CNR-Institute of Molecular Sciences and Technologies, Via C. Golgi 19, Milan, Italy.
Phys Chem Chem Phys. 2013 Aug 28;15(32):13354-62. doi: 10.1039/c3cp51570b.
Niobium-containing silica materials obtained by deposition via liquid-phase grafting or dry impregnation of niobocene(iv) dichloride are active and selective catalysts in the epoxidation of alkenes in the presence of aqueous hydrogen peroxide. The generation of the catalytically-active Nb species was followed step-by-step, and investigated using a combined DR-UV-Vis, NIR, Raman, XRD, XANES and EXAFS analyses. At the end of the grafting procedure, the nature of the surface active species can be described as an oxo-Nb(v) site, tripodally grafted onto the silica surface in close proximity to other Nb(v) centres. The liquid-phase methodology provides a better dispersion of the metal sites onto the siliceous support than the dry-impregnation approach. The niobium-silica catalysts were then tested in the epoxidation of cyclohexene and 1-methylcyclohexene, as model substrates.
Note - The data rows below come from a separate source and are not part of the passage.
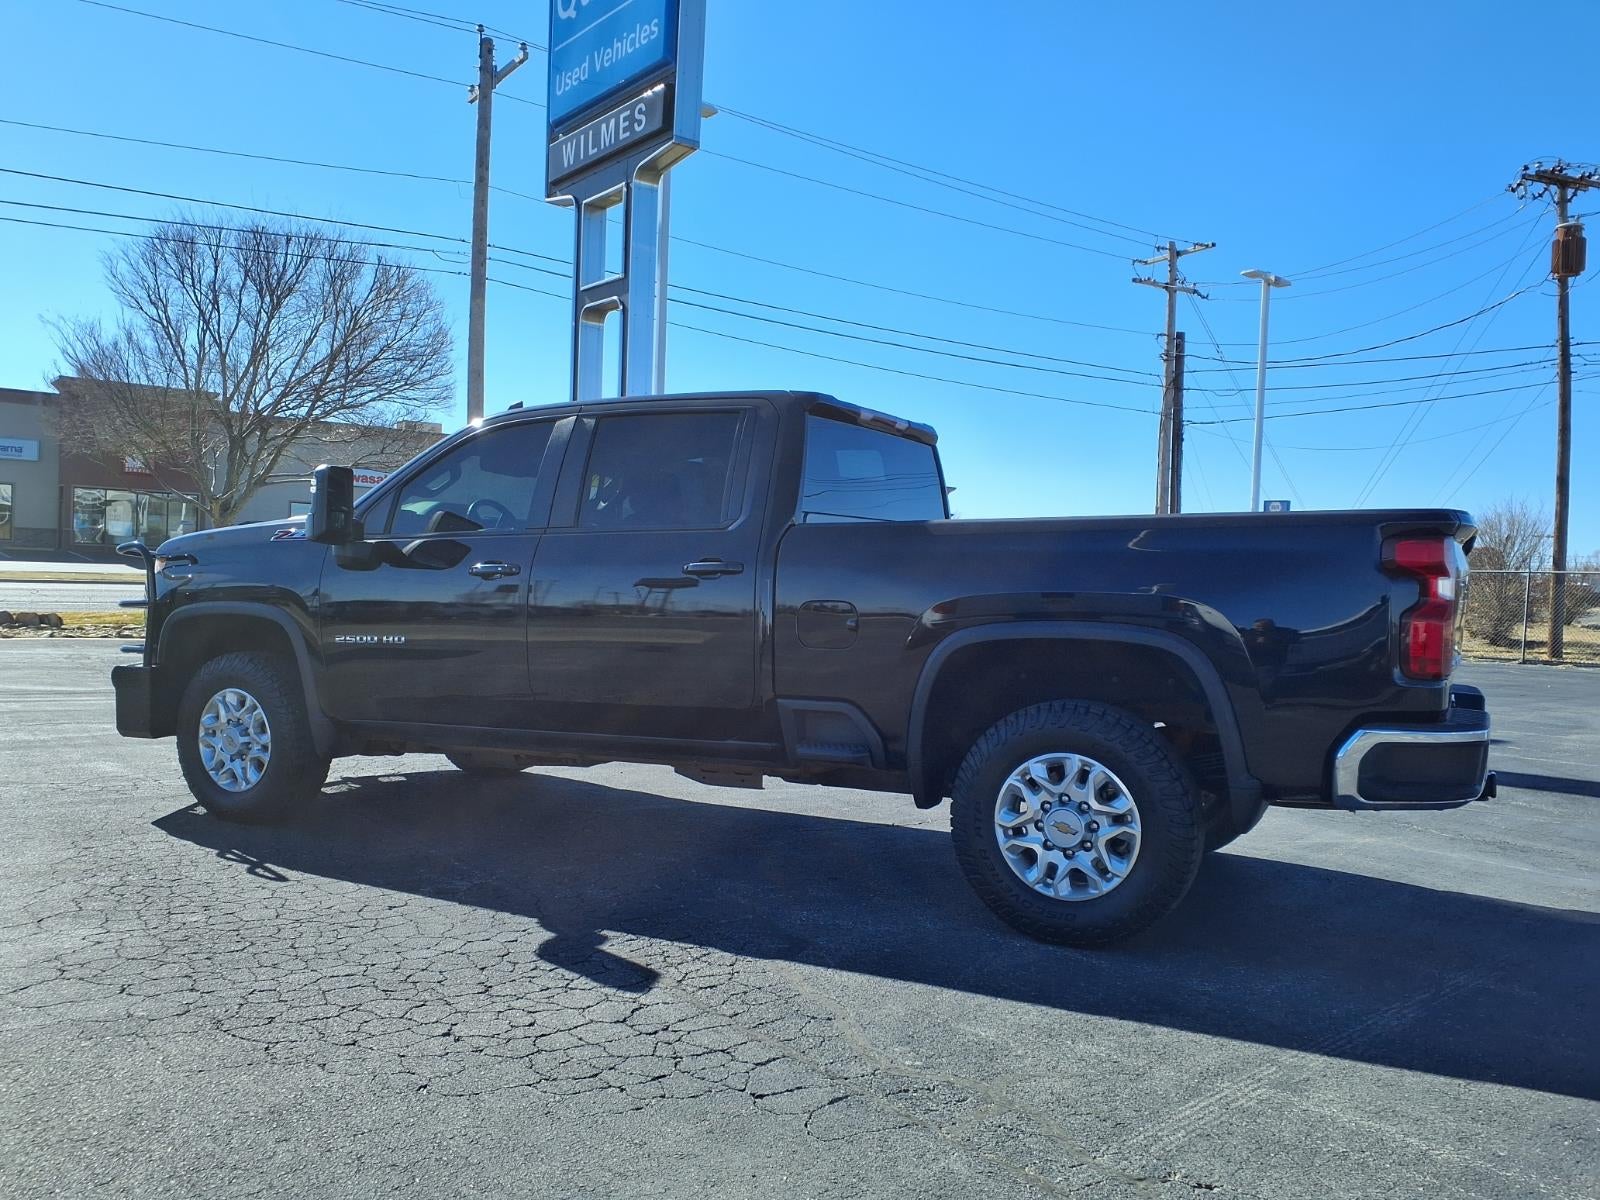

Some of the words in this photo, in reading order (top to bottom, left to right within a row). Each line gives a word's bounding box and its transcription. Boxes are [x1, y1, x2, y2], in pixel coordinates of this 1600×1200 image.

[556, 56, 589, 95] Used
[594, 18, 658, 72] Vehicles
[563, 102, 647, 168] WILMES
[335, 635, 378, 644] 2500
[382, 635, 405, 644] HD
采用铌茂(IV)二氯化物液相接枝或干法浸渍法制备的含铌硅材料是在水相过氧化氢存在下烯烃环氧化的活性和选择性催化剂。通过分步 DR-UV-Vis、NIR、拉曼、XRD、XANES 和 EXAFS 分析,对催化活性 Nb 物种的生成进行了跟踪研究。接枝过程结束时,表面活性物种的性质可以描述为一个氧-Nb(V)位,以三脚架的形式紧密靠近其他 Nb(V)中心接枝到硅表面上。液相方法比干法浸渍法能更好地将金属位分散在硅载体上。然后,这些铌硅催化剂被用于环己烯和 1-甲基环己烯的环氧化反应,作为模型底物进行了测试。